In the copy, include every entry exactly but none of the images.

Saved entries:
*** Begin section ***

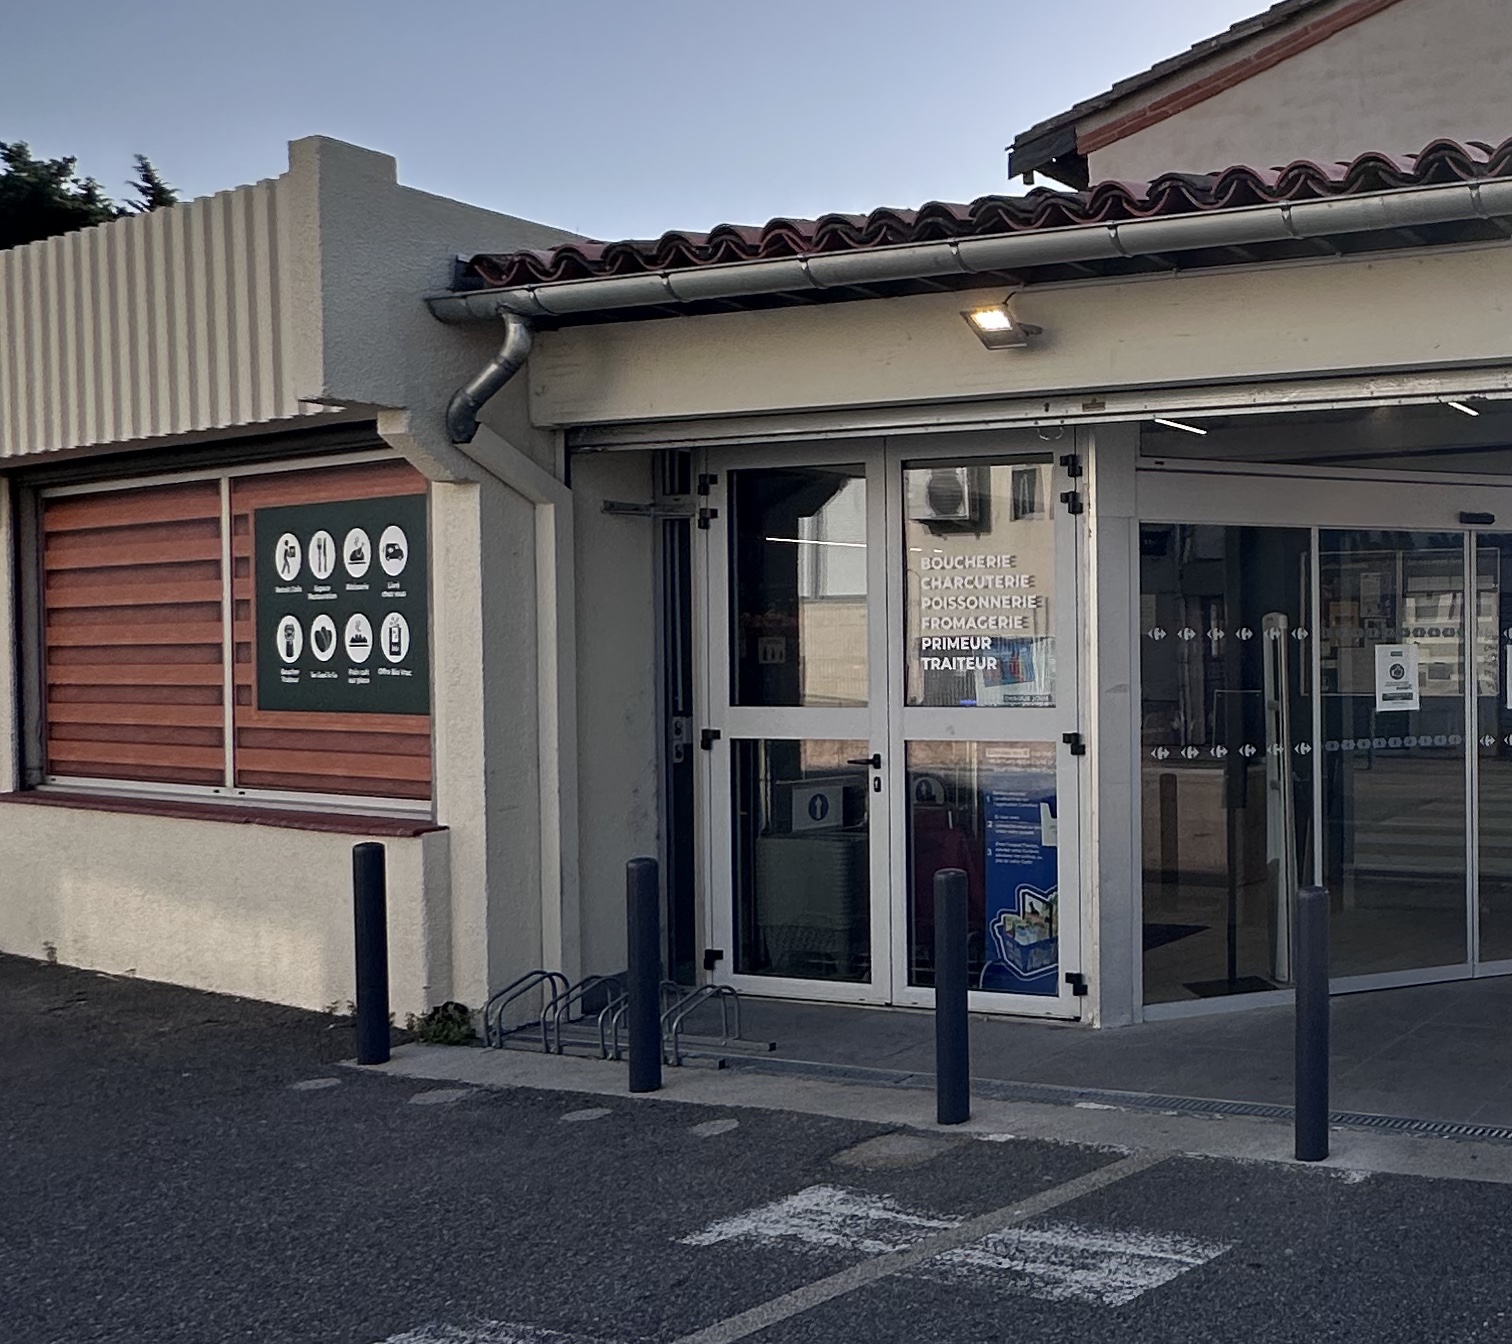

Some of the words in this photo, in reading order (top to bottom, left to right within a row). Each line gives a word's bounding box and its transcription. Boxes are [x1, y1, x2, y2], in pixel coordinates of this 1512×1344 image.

[921, 555, 1012, 570] BOUCHERIE
[921, 575, 1030, 590] CHARCUTERIE
[921, 596, 1037, 610] POISSONNERIE
[921, 616, 1024, 630] FROMAGERIE
[921, 636, 992, 650] PRIMEUR
[921, 656, 997, 670] TRAITEUR
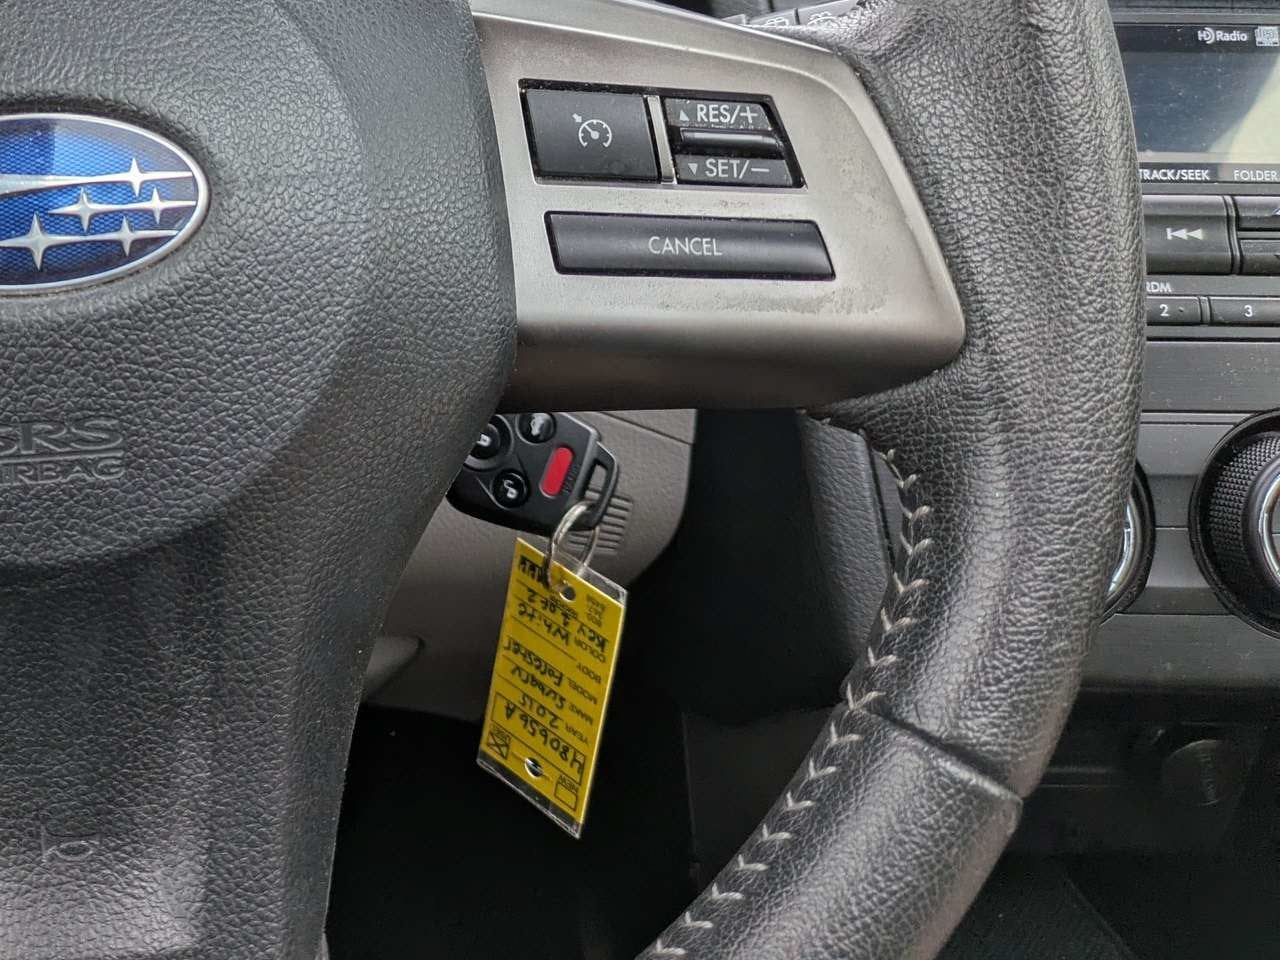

*** End section ***

• **Answer**:
Some of the words in this photo, in reading order (top to bottom, left to right within a row). Each line gives a word's bounding box and its transcription. Boxes are [x1, y1, x2, y2], in pixel coordinates of this 1512×1344 image.

[921, 555, 1012, 570] BOUCHERIE
[921, 575, 1030, 590] CHARCUTERIE
[921, 596, 1037, 610] POISSONNERIE
[921, 616, 1024, 630] FROMAGERIE
[921, 636, 992, 650] PRIMEUR
[921, 656, 997, 670] TRAITEUR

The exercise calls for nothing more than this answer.